How do you find the fourier expansion coefficients?

[Vitani11]

Homework Statement

I need to expand this piecewise function f(x) = h for a<x<L and f(x) = 0 for 0<x<a. I am told that this is a square wave so a_o and a_n in the expansion are 0 (odd function). Therefore I only need to worry about b_n. The limits on the integral are from a to L, but what about the coefficient? Is it 1/(L-a)? Also for the sine term which is inside the integrand - is this just (L-a) in replace of the L in the general formula?That's what I did and I want to make sure.

Homework Equations

b_n = 1/L∫f(x)sin(nπx/L)dx where the limits are from -L to L in general.
I have b_n = 1/(L-a)∫hsin(nπx/(L-a))dx where the limits are from a to L.

The Attempt at a Solution

I've found the Fourier expansion to be 4hL/π(L-a) ∑sin(nπx/(L-a))

 

[Ken Miller]

It looks like you are stating some things that aren't true, and plugging some values into formulas without really understanding how the formulas work.
First questions:
1) Can you verify for yourself whether this is a square wave? What is the definition of a square wave?
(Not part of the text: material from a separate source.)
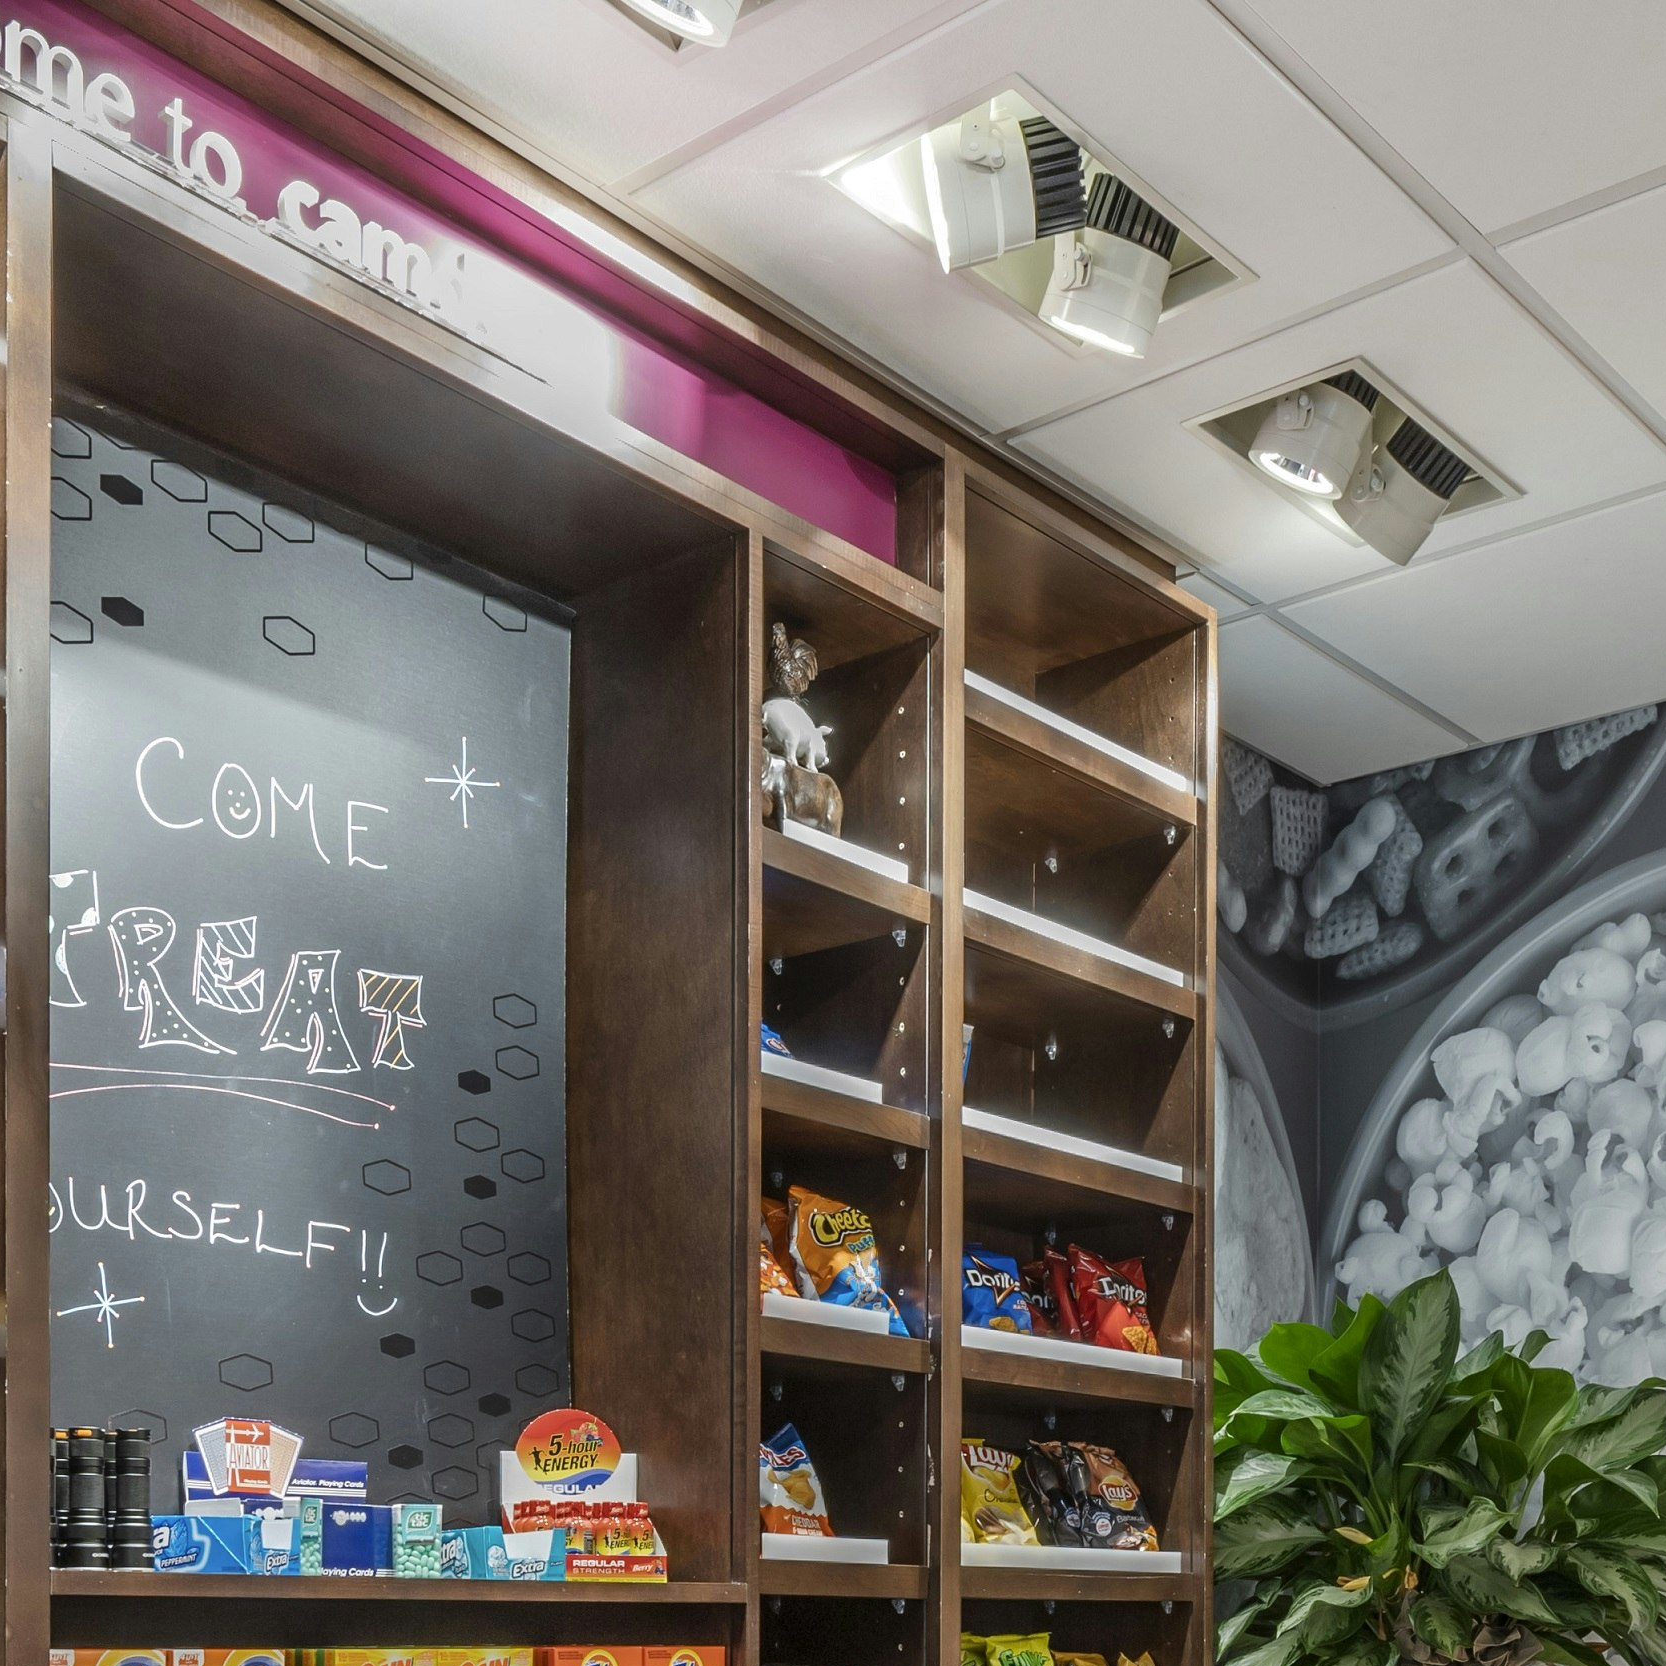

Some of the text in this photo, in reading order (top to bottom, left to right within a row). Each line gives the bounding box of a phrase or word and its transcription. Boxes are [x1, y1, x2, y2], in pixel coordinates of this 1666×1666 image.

Does it matter?
1a) Is this really a square wave? It is a rectangular wave, yes, but square? I think many (most?) would say that a square wave has equal amounts of on/off (high/low, etc.). 1b) Does the answer to 1a) matter?
2) Is this an odd function? Draw it out, and use the definition of odd function.
3) Do the answers to these questions affect your calculations?
4) If the limits of integration are generally (-L, L), how many periods of the waveform would be included?

 

[eys_physics]

Odd function means $f(-x)=-f(x)$. How do you know that is odd? It is not obvious from the information you give.